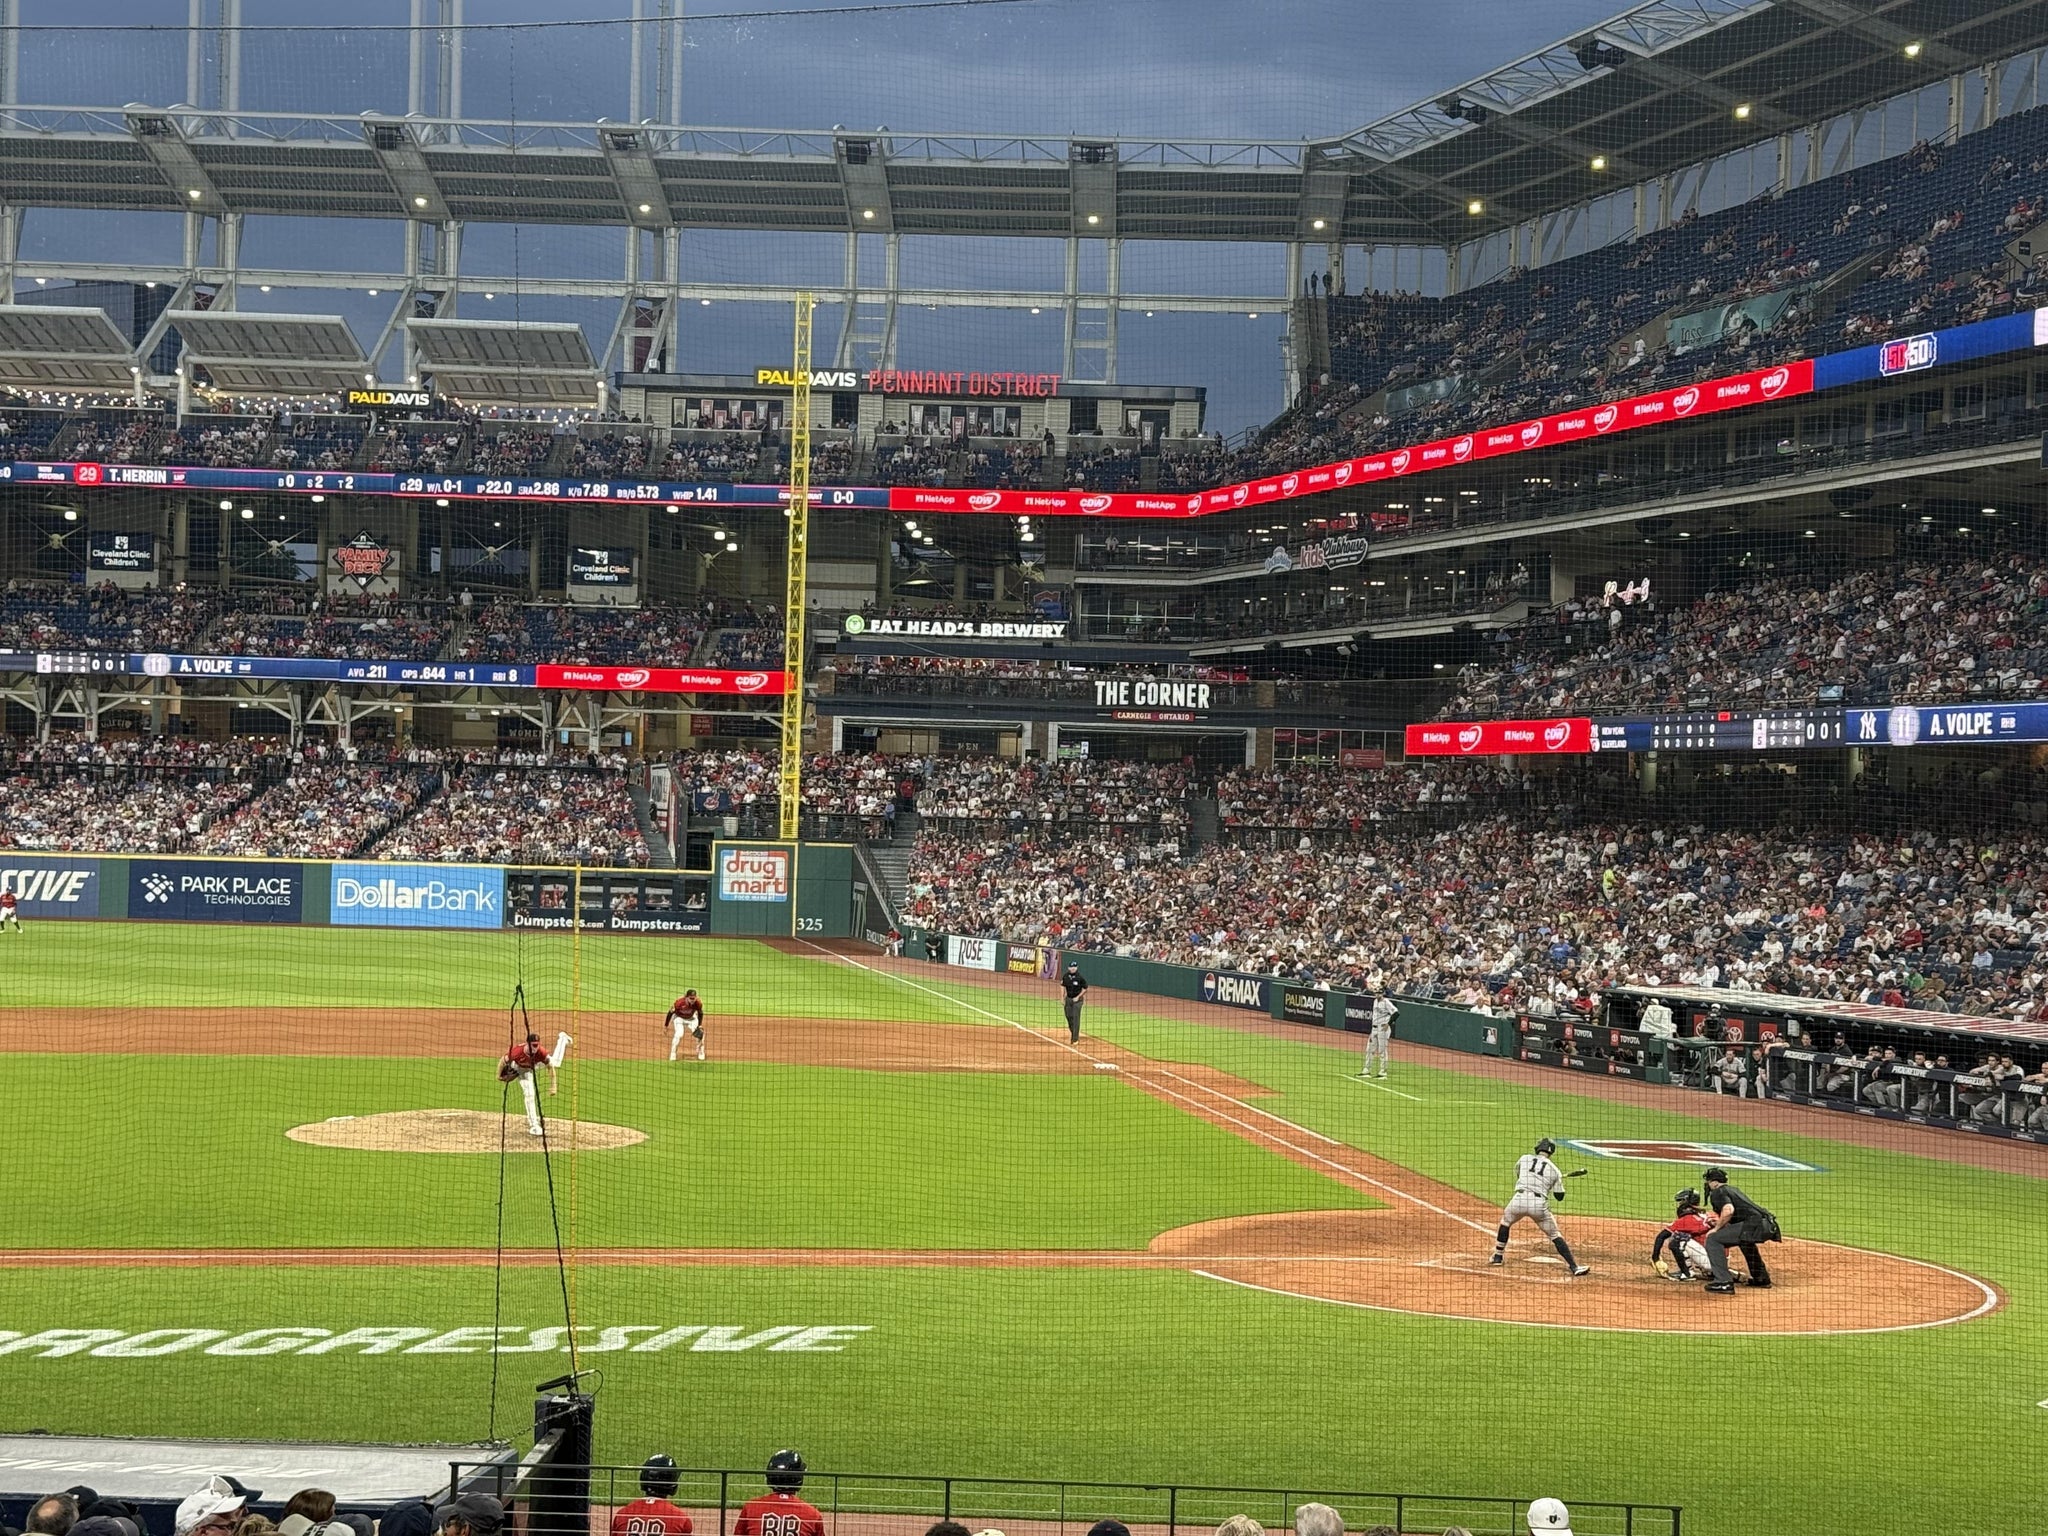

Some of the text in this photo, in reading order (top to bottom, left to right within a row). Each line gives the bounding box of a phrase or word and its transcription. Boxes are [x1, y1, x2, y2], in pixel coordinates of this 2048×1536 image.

[869, 369, 1061, 397] PENNANT DISTRICT
[1724, 383, 1750, 396] NetApp
[79, 467, 97, 481] 29
[110, 469, 166, 484] T. HERRIN
[285, 475, 294, 487] 0
[307, 476, 323, 488] S 2
[345, 476, 353, 489] 2
[407, 478, 422, 491] 29
[427, 484, 442, 492] W/L
[444, 479, 461, 492] 0-1
[486, 480, 512, 494] 22.0
[533, 483, 559, 495] 2.86
[583, 485, 608, 497] 7.89
[637, 486, 659, 498] 5.73
[697, 488, 717, 500] 1.41
[834, 491, 854, 503] 0-0
[924, 495, 955, 504] NetApp
[1034, 496, 1066, 507] NetApp
[1145, 501, 1176, 511] NetApp
[92, 550, 150, 559] Cleveland Clinic
[337, 547, 389, 562] FAMILY
[1300, 545, 1324, 569] kids
[104, 558, 139, 567] Children's
[344, 561, 382, 574] DECK
[573, 565, 630, 573] Cleveland Clinic
[583, 573, 619, 581] Children's
[871, 620, 1065, 637] FAT HEAD'S BREWERY
[92, 659, 100, 670] 0
[105, 660, 113, 671] 0
[119, 660, 125, 671] 1
[150, 658, 162, 672] 11
[180, 661, 191, 673] A.
[195, 660, 232, 674] VOLPE
[347, 665, 517, 681] AVG .211 OPS .644 HR 1 RBI 8
[573, 672, 603, 681] NetApp
[691, 676, 721, 685] NetApp
[1095, 681, 1210, 708] THE CORNER
[1159, 713, 1190, 721] ONTARIO
[1930, 714, 1943, 735] A.
[1946, 712, 1993, 735] VOLPE
[1654, 725, 1659, 735] 2
[1665, 725, 1669, 734] 0
[1687, 724, 1692, 734] 0
[1710, 724, 1715, 733] 0
[1807, 722, 1840, 740] 0 0 1
[1897, 718, 1911, 736] 11
[1430, 733, 1450, 742] NetApp
[1512, 731, 1534, 741] NetApp
[726, 851, 776, 879] drug
[181, 876, 291, 894] PARK PLACE
[730, 878, 787, 894] mart
[204, 894, 291, 905] TECHNOLOGIES
[515, 914, 604, 929] Dumpstes.com
[611, 917, 700, 932] Dumpsters.com
[796, 918, 823, 931] 325
[958, 938, 984, 965] ROSE
[1529, 1022, 1547, 1032] TOYOTA
[1574, 1028, 1592, 1038] TOYOTA
[1620, 1034, 1640, 1045] TOYOTA
[1528, 1051, 1541, 1059] TOYOTA
[1569, 1057, 1584, 1066] TOYOTA
[1615, 1065, 1630, 1074] TOYOTA
[1528, 1158, 1548, 1176] 11

#####

ASSIGNMENT:
Retype each entry above character for character; pictures stay out.

RESPONSE TO THE EXERCISE:
Some of the text in this photo, in reading order (top to bottom, left to right within a row). Each line gives the bounding box of a phrase or word and its transcription. Boxes are [x1, y1, x2, y2], in pixel coordinates of this 2048×1536 image.

[869, 369, 1061, 397] PENNANT DISTRICT
[1724, 383, 1750, 396] NetApp
[79, 467, 97, 481] 29
[110, 469, 166, 484] T. HERRIN
[285, 475, 294, 487] 0
[307, 476, 323, 488] S 2
[345, 476, 353, 489] 2
[407, 478, 422, 491] 29
[427, 484, 442, 492] W/L
[444, 479, 461, 492] 0-1
[486, 480, 512, 494] 22.0
[533, 483, 559, 495] 2.86
[583, 485, 608, 497] 7.89
[637, 486, 659, 498] 5.73
[697, 488, 717, 500] 1.41
[834, 491, 854, 503] 0-0
[924, 495, 955, 504] NetApp
[1034, 496, 1066, 507] NetApp
[1145, 501, 1176, 511] NetApp
[92, 550, 150, 559] Cleveland Clinic
[337, 547, 389, 562] FAMILY
[1300, 545, 1324, 569] kids
[104, 558, 139, 567] Children's
[344, 561, 382, 574] DECK
[573, 565, 630, 573] Cleveland Clinic
[583, 573, 619, 581] Children's
[871, 620, 1065, 637] FAT HEAD'S BREWERY
[92, 659, 100, 670] 0
[105, 660, 113, 671] 0
[119, 660, 125, 671] 1
[150, 658, 162, 672] 11
[180, 661, 191, 673] A.
[195, 660, 232, 674] VOLPE
[347, 665, 517, 681] AVG .211 OPS .644 HR 1 RBI 8
[573, 672, 603, 681] NetApp
[691, 676, 721, 685] NetApp
[1095, 681, 1210, 708] THE CORNER
[1159, 713, 1190, 721] ONTARIO
[1930, 714, 1943, 735] A.
[1946, 712, 1993, 735] VOLPE
[1654, 725, 1659, 735] 2
[1665, 725, 1669, 734] 0
[1687, 724, 1692, 734] 0
[1710, 724, 1715, 733] 0
[1807, 722, 1840, 740] 0 0 1
[1897, 718, 1911, 736] 11
[1430, 733, 1450, 742] NetApp
[1512, 731, 1534, 741] NetApp
[726, 851, 776, 879] drug
[181, 876, 291, 894] PARK PLACE
[730, 878, 787, 894] mart
[204, 894, 291, 905] TECHNOLOGIES
[515, 914, 604, 929] Dumpstes.com
[611, 917, 700, 932] Dumpsters.com
[796, 918, 823, 931] 325
[958, 938, 984, 965] ROSE
[1529, 1022, 1547, 1032] TOYOTA
[1574, 1028, 1592, 1038] TOYOTA
[1620, 1034, 1640, 1045] TOYOTA
[1528, 1051, 1541, 1059] TOYOTA
[1569, 1057, 1584, 1066] TOYOTA
[1615, 1065, 1630, 1074] TOYOTA
[1528, 1158, 1548, 1176] 11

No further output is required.